What needs to be done: Give the entries again exactly as they appear, but without the images.
Material to process Block Start
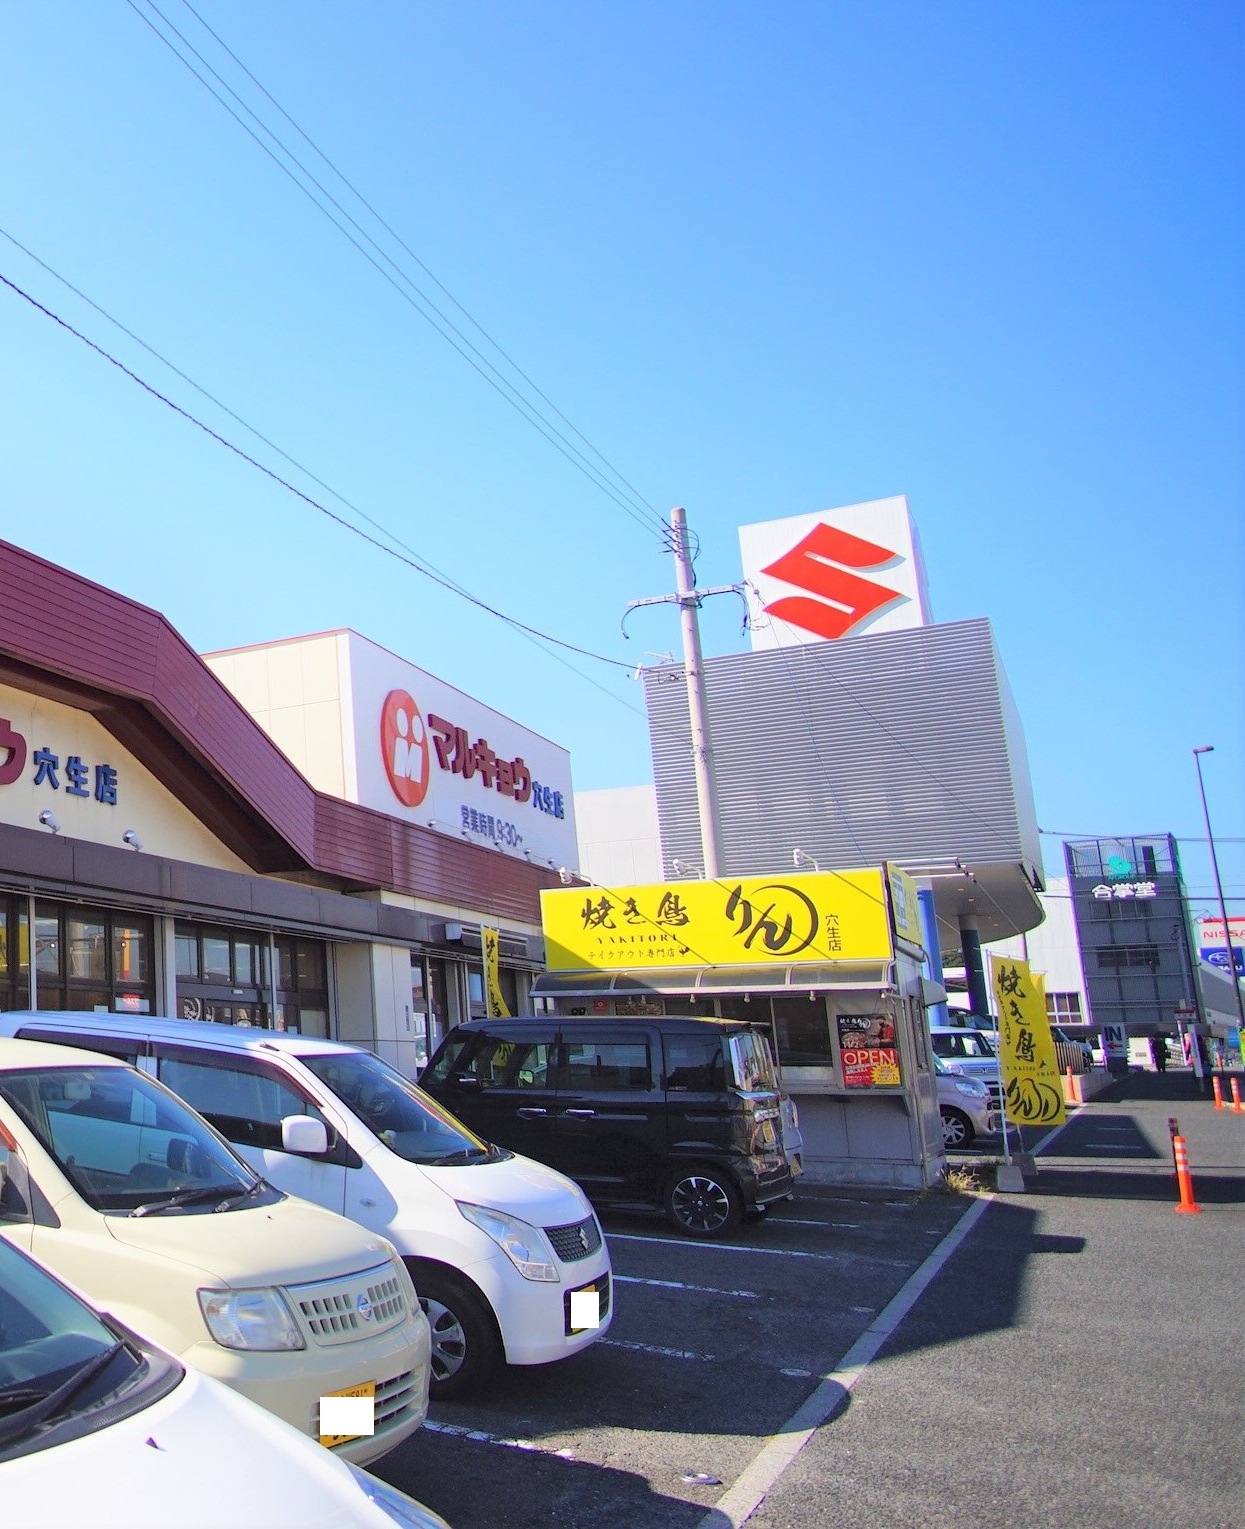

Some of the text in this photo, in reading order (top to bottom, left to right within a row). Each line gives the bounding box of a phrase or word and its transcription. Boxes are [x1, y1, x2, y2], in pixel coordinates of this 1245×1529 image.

[33, 747, 117, 806] 穴生店
[428, 713, 564, 820] マルキョウ 穴生店
[461, 804, 495, 840] 営業時間
[580, 891, 690, 931] 焼き鳥
[597, 934, 678, 945] YAKITORI
[825, 914, 842, 952] 穴生店
[588, 948, 675, 960] テイクアウト専門店
[998, 964, 1037, 1063] 焼き鳥
[1104, 1026, 1122, 1042] IN
[844, 1050, 896, 1065] OPEN
Material to process Block End
Response to this task:
Some of the text in this photo, in reading order (top to bottom, left to right within a row). Each line gives the bounding box of a phrase or word and its transcription. Boxes are [x1, y1, x2, y2], in pixel coordinates of this 1245×1529 image.

[33, 747, 117, 806] 穴生店
[428, 713, 564, 820] マルキョウ 穴生店
[461, 804, 495, 840] 営業時間
[580, 891, 690, 931] 焼き鳥
[597, 934, 678, 945] YAKITORI
[825, 914, 842, 952] 穴生店
[588, 948, 675, 960] テイクアウト専門店
[998, 964, 1037, 1063] 焼き鳥
[1104, 1026, 1122, 1042] IN
[844, 1050, 896, 1065] OPEN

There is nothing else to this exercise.